Read It and Wince
This Observer Woman article on ‘intimate’ waxing caught my eye this morning, as I was contemplating the summer drudgery that is shaving my legs, defuzzing my armpits, deep conditioning my hair and painting my toenails – roll on autumn, when I can be hairy and unkempt in peace.
But one activity this grooming routine emphatically does not include is the Brazilian wax. I’m with Carole Cadwalladr all the way on this. I’d rather look like a simian in a bikini than willingly put myself through that, and I think women who do are insane:
50 Things Not to do This Summer
Does it really need saying that only a fool would allow a total stranger bearing a pot of wax heated to boiling point to come anywhere near their private parts? Apparently it does, because, no disrespect to you ladies out there who have them on a regular basis but you’re quite mad, possibly delusional, with the kind of psychosocial problems that could keep an expensive therapist busy for months.
Why would anyone willingly cause oneself excruciating pain in one of the most sensitive parts of one’s anatomy (other than for purely titillating reasons, but that’s another subject entirely) ?
More to the point, why would any woman want to debase herself by exposing herself to a stranger, while paying through the nose for the privilege? I have real difficulty understanding the motives of those who do. It can’t be total vanity, since the vulva is mostly covered most of the time – or at least it is if you’re not Christina Aguilera or a Reader’s Wife.
Because it’s not just the pain, and the embarrassment, and the money, it’s that the aim of the procedure (and I’ll quote Wikipedia here in a transparent but ultimately doomed attempt to distance myself from the entire, sorry business) – ‘the complete removal of hair from the buttocks and adjacent to the anus, perineum and vulva (labia majora and mons pubis)’ – is to leave you looking like a pre-pubescent girl. And should you happen to stumble across a man who likes that sort of thing, any hope of fulfilling sexual congress is likely to be marred by the nagging thought that it might be because he’s a closet paedophile.

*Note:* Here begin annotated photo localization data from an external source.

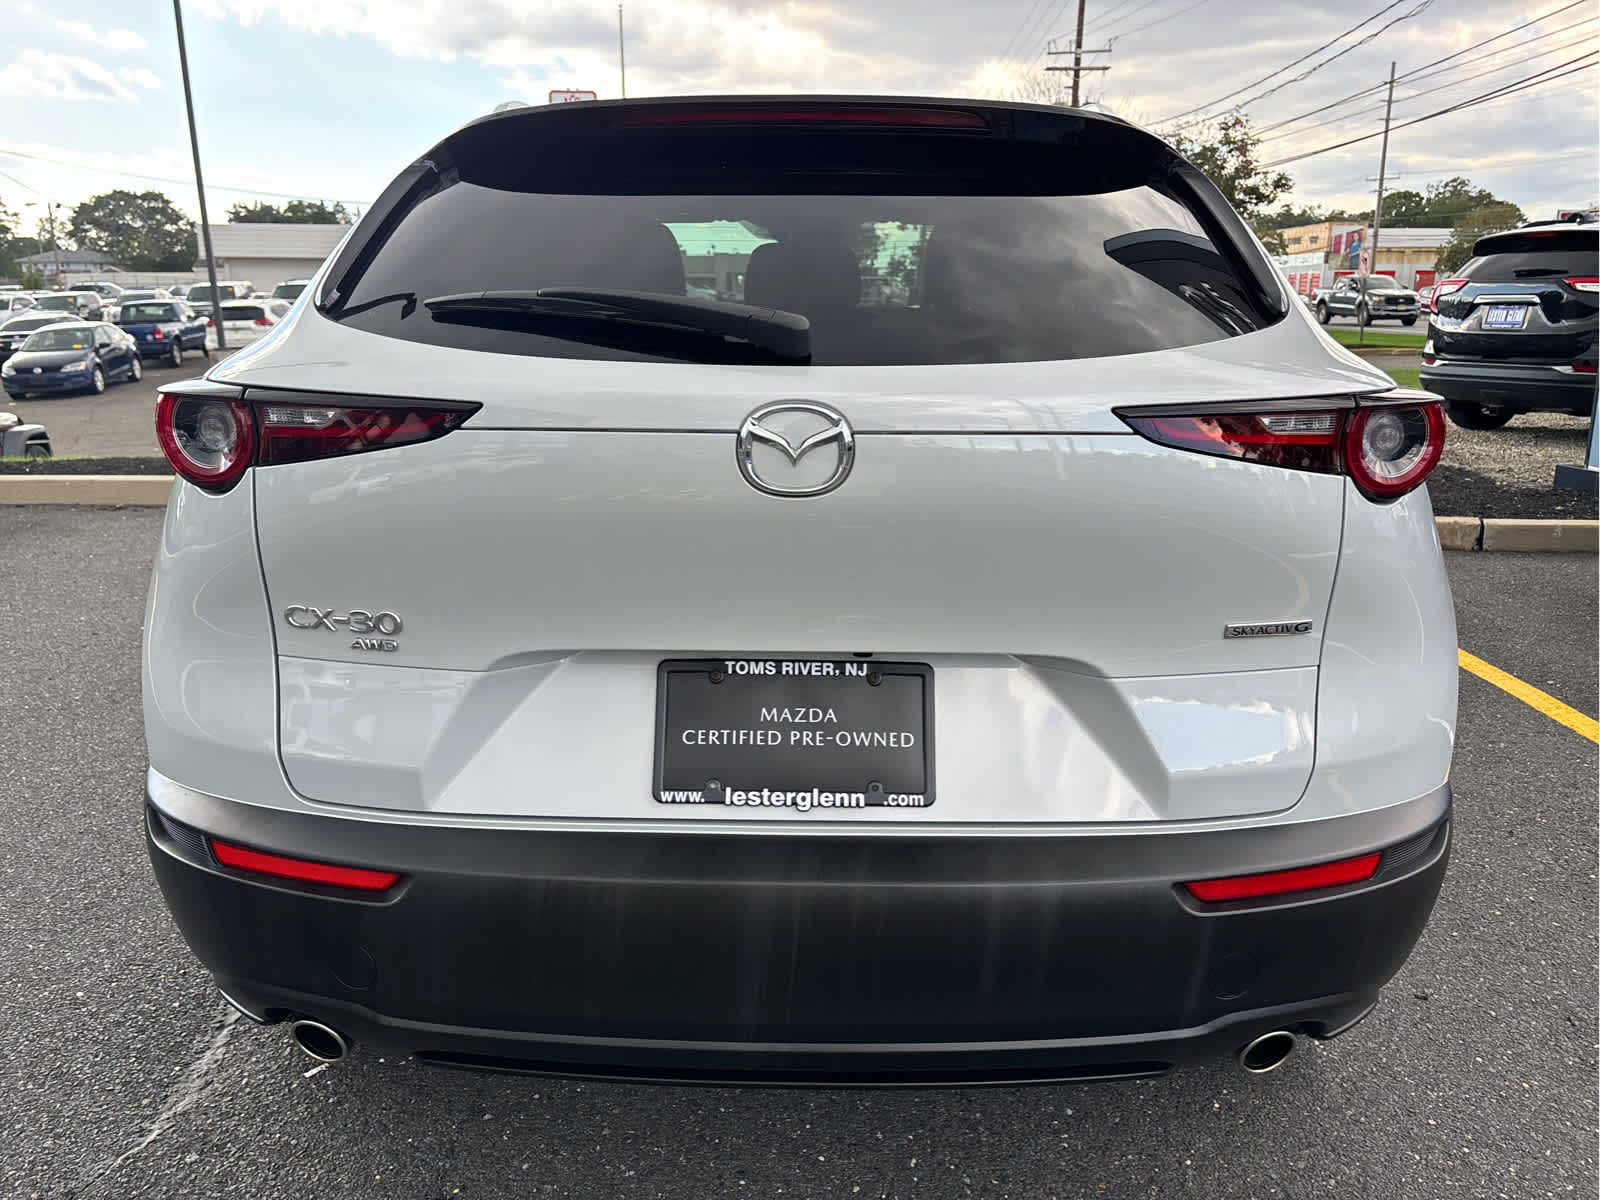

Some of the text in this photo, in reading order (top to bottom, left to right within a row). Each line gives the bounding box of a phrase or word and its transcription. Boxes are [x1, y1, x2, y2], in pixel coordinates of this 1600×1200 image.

[284, 605, 403, 635] CX-30
[350, 637, 398, 652] AWD
[725, 661, 868, 676] TOMS RIVER, NJ
[760, 708, 838, 723] MAZDA
[682, 730, 915, 748] CERTIFIED PRE-OWNED
[724, 787, 865, 811] lesterglenn
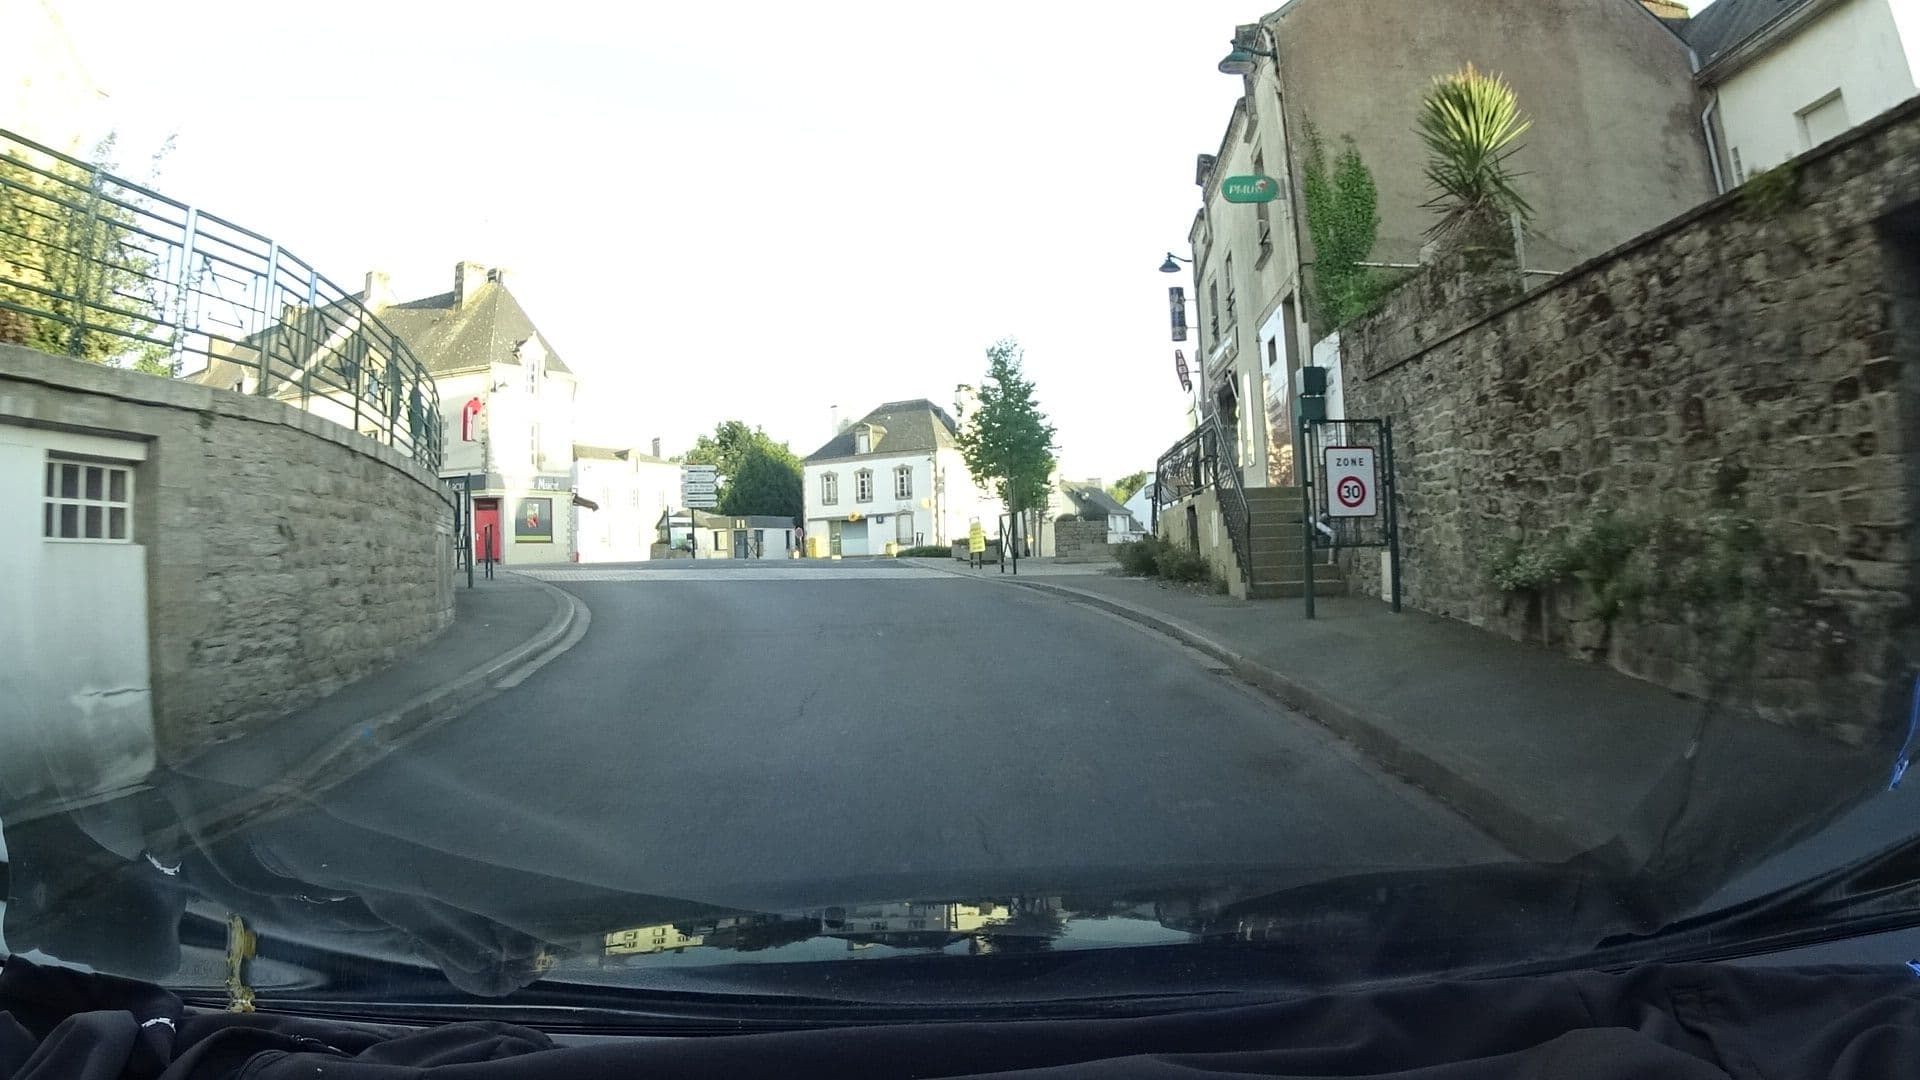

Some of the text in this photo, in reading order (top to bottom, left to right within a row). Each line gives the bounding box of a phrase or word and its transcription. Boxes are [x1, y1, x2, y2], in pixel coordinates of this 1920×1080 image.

[1229, 184, 1255, 194] PMU
[1336, 457, 1364, 467] ZONE
[1343, 485, 1361, 499] 30

Imagine the shock on coming face-to-face, as it were, with an unpruned undergrowth. Will they be permanently traumatised, like John Ruskin is said to have been on his wedding night, on first seeing his bride’s (hairy) naughty bits? Ruskin went on to fixate on a nine-year old girl:
Ruskin’s one marriage was annulled for non-consummation; his wife is said to have written to her parents claiming that he found her person repugnant. He later fell in love with a nine-year-old girl ? although he did not approach her as a suitor until she was seventeen. Ruskin is not known to have had any other romantic liaisons or sexual intimacies. This has given rise to suggestions that he was a paedophile.

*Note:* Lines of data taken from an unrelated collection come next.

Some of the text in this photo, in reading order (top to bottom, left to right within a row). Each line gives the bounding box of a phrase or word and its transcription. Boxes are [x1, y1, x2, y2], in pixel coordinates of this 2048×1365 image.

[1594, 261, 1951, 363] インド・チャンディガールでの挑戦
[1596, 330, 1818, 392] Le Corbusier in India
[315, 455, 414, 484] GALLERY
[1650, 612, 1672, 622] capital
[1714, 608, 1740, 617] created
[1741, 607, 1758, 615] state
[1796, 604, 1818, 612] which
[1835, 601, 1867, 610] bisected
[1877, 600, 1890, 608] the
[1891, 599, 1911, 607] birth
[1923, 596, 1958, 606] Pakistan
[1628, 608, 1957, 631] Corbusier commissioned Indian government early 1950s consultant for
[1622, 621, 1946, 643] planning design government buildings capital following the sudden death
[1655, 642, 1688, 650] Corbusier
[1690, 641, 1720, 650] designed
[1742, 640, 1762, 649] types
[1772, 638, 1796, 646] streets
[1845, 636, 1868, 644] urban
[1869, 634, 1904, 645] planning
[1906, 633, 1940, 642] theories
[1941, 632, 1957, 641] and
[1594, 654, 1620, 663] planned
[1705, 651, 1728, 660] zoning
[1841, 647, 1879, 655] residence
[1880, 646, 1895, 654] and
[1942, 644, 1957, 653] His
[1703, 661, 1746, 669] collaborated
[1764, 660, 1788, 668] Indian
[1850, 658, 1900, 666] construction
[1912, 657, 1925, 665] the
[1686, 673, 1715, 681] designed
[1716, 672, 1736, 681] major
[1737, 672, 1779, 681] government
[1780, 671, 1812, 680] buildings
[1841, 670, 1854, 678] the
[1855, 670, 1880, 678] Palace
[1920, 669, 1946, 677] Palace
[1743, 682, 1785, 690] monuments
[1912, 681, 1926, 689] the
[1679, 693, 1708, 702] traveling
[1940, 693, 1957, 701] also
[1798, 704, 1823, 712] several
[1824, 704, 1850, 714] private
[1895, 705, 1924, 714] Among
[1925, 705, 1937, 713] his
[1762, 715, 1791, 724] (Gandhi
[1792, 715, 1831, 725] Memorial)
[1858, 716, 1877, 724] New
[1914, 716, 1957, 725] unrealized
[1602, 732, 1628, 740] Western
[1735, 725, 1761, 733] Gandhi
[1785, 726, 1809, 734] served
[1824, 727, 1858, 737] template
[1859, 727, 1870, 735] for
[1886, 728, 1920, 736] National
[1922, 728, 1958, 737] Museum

Now I’m not asserting that all those who do this are paedophiles or paedophile enablers. And I can see how judicious depilation can be an aid to oral gratification. Hair between your teet van be very irritating indeed, and I can see that it’s quite a big practical and aesthetic consideration in that circumstance, especially if you work in the sex industry.

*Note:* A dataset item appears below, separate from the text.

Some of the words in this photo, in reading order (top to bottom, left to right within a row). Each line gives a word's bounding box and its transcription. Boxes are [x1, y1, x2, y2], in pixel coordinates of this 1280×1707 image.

But most women don’t. I resent like hell the ongoing trend to bully women into looking and acting as though they were sex workers in order to be considered sexually attractive. The current epitome of female sexual beauty seems to be to look like a liitle girl: to have a body like a prepubescent child, but with massively enhanced boobage – just look at tabloid darlings Jordan or Victoria Beckham.
The bare vulva trend plays right into that and, of course, depilation is a massive profit-centre for the beauty industry. The more novel places it finds to depilate, the more profit it makes.
Funny how it always comes down to someone making money.